В последние годы имеются успехи в области асимметрического синтеза аминокислот, позволяющие избежать оптического разделения рацемических аминокислот. Новый подход к этой проблеме стал возможен благодаря открытию гомогенного каталитического гидрирования олефинов с помощью комплексов родия с фосфиновыми лигандами и разработке путей синтеза хиральных фосфинов. Применение комплексов родия с хиральными фосфинами в качестве гомогенных катализаторов для гидрирования N-ациламиноакриловых кислот позволило осуществить асимметрический синтез α-аминокислот с высокой степенью стереоспецифичности и хорошими выходами.

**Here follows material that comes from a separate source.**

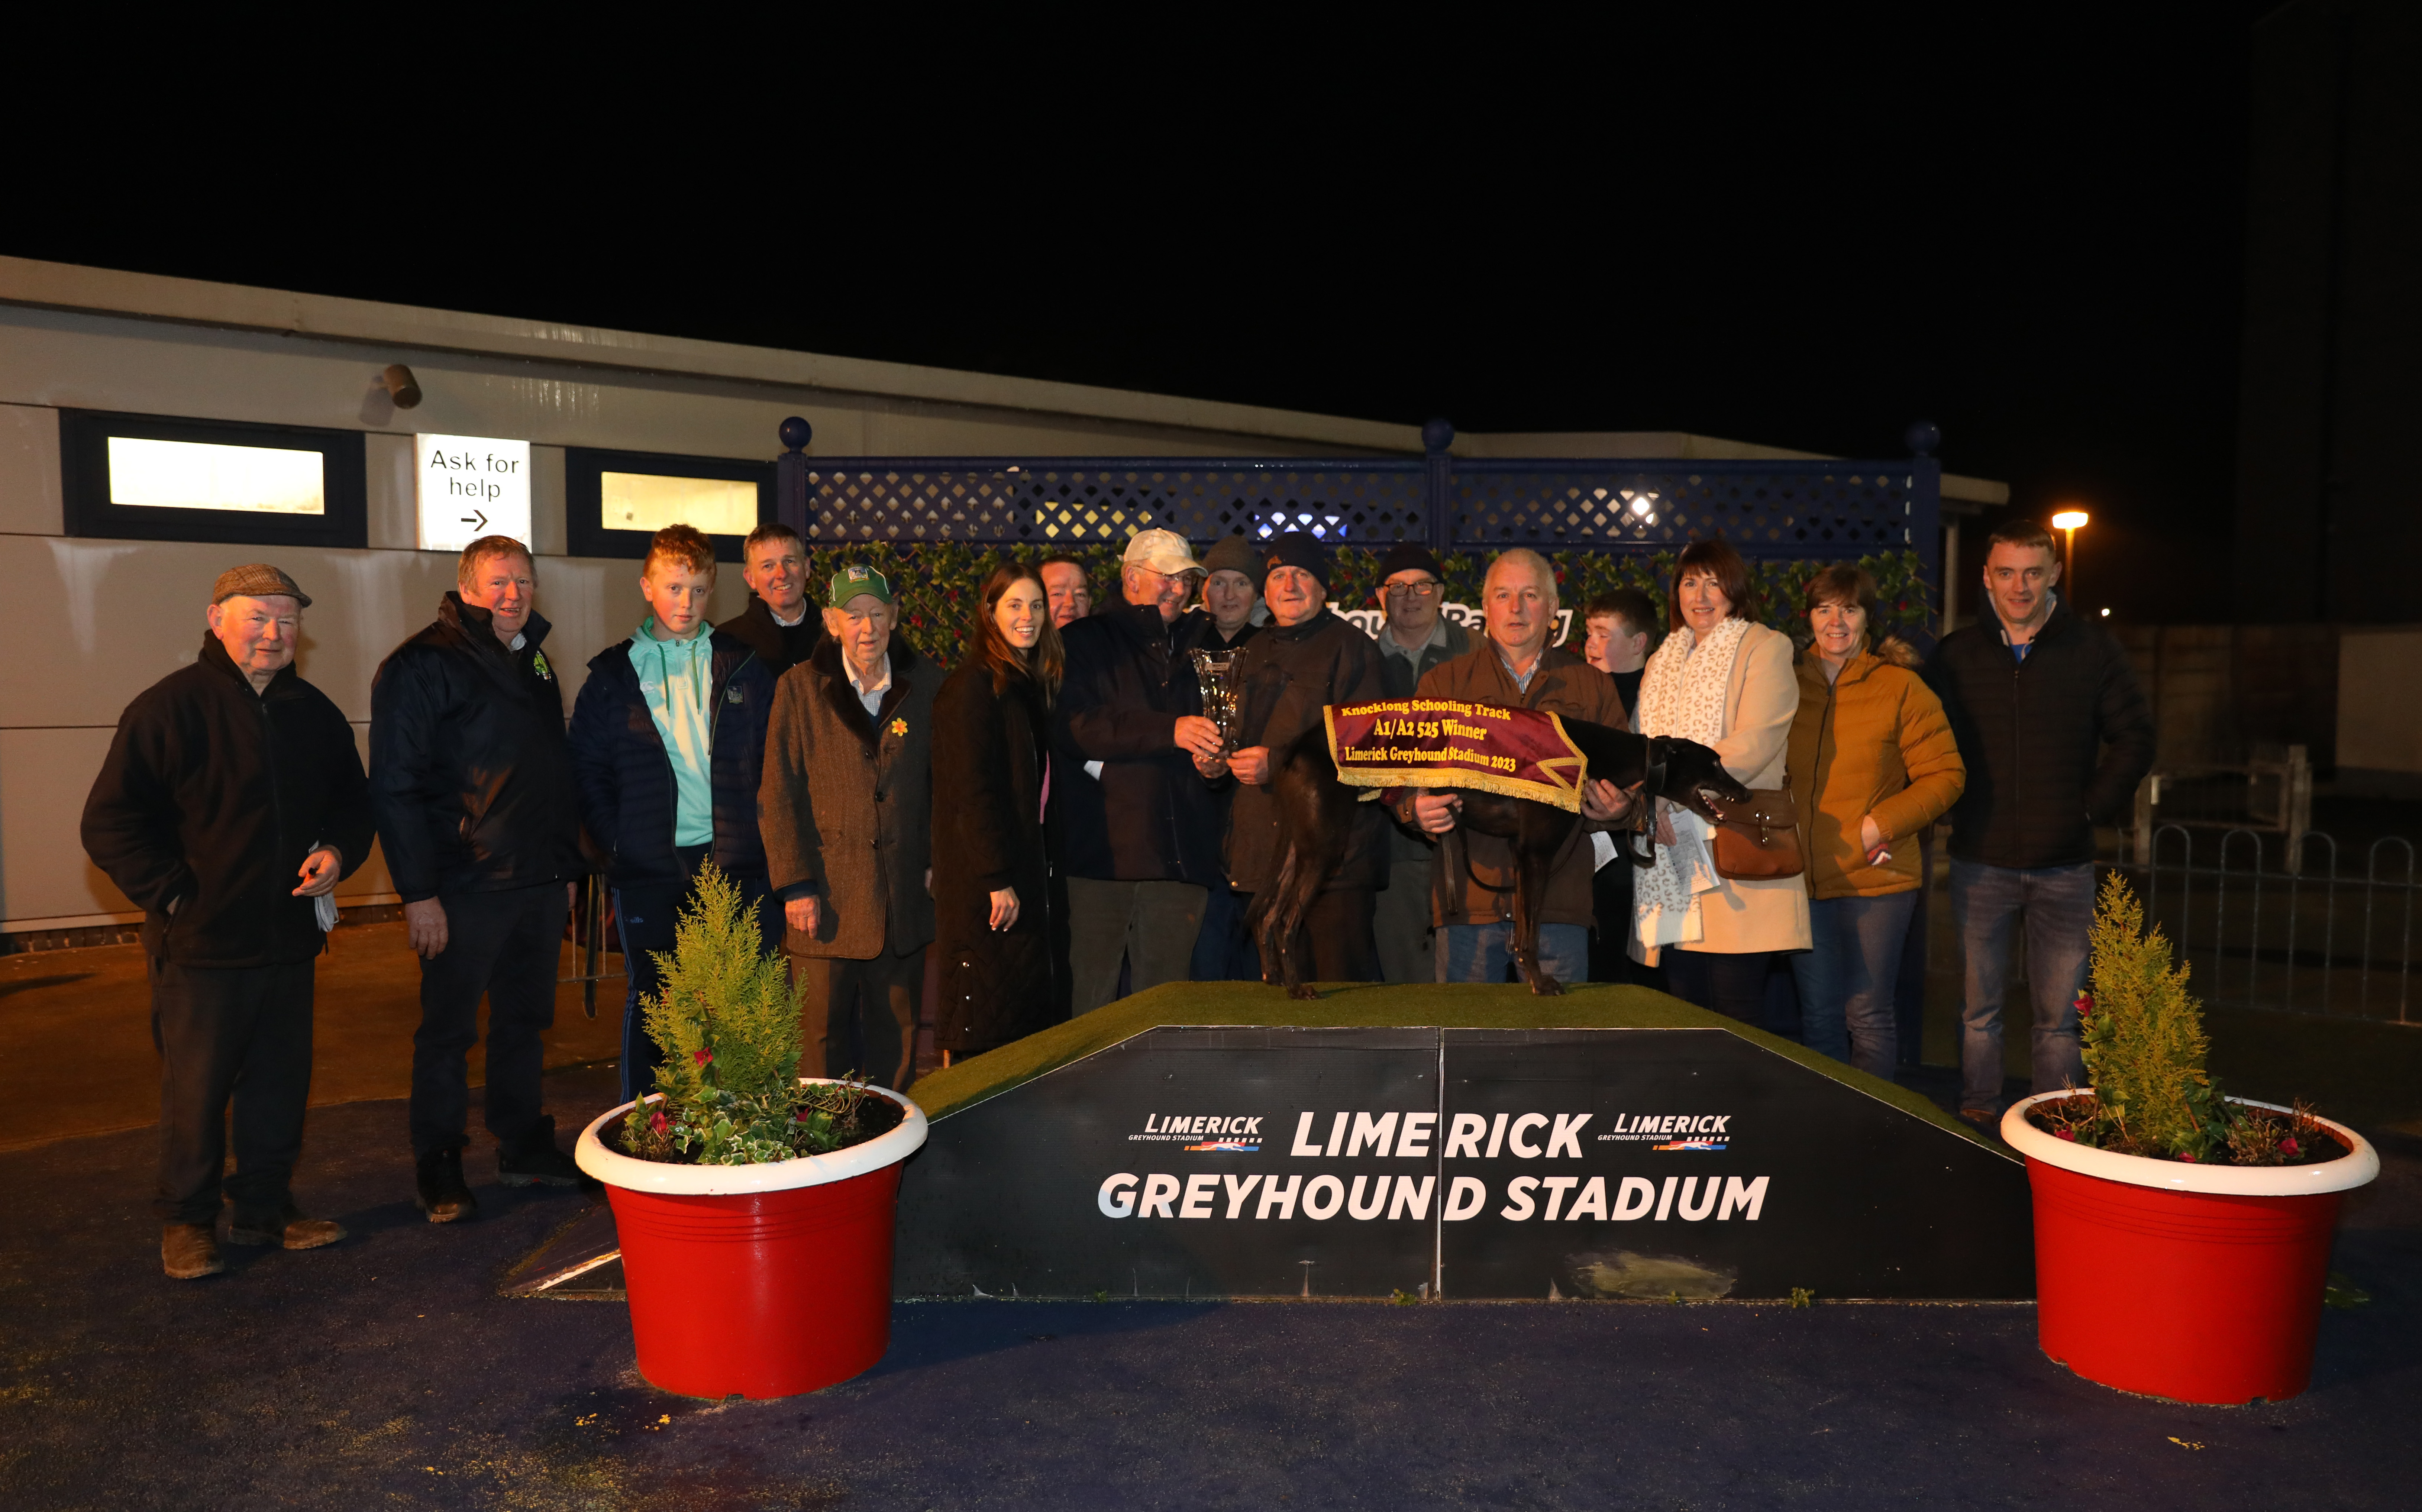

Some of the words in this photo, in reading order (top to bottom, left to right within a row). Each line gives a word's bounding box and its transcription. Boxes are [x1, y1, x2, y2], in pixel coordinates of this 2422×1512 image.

Использование для пищевых, кормовых и медицинских целей аминокислот, полученных химическим синтезом, ставит еще одну существенную технологическую проблему - полное освобождение готового продукта от возможных токсических полупродуктов синтеза.
В последние годы прочные позиции начинает занимать комбинированный химико-микробиологический метод синтеза, при котором исходное соединение получают в результате химических реакций, а конечная стадия осуществляется за счет активности ферментных систем соответствующих штаммов микроорганизмов.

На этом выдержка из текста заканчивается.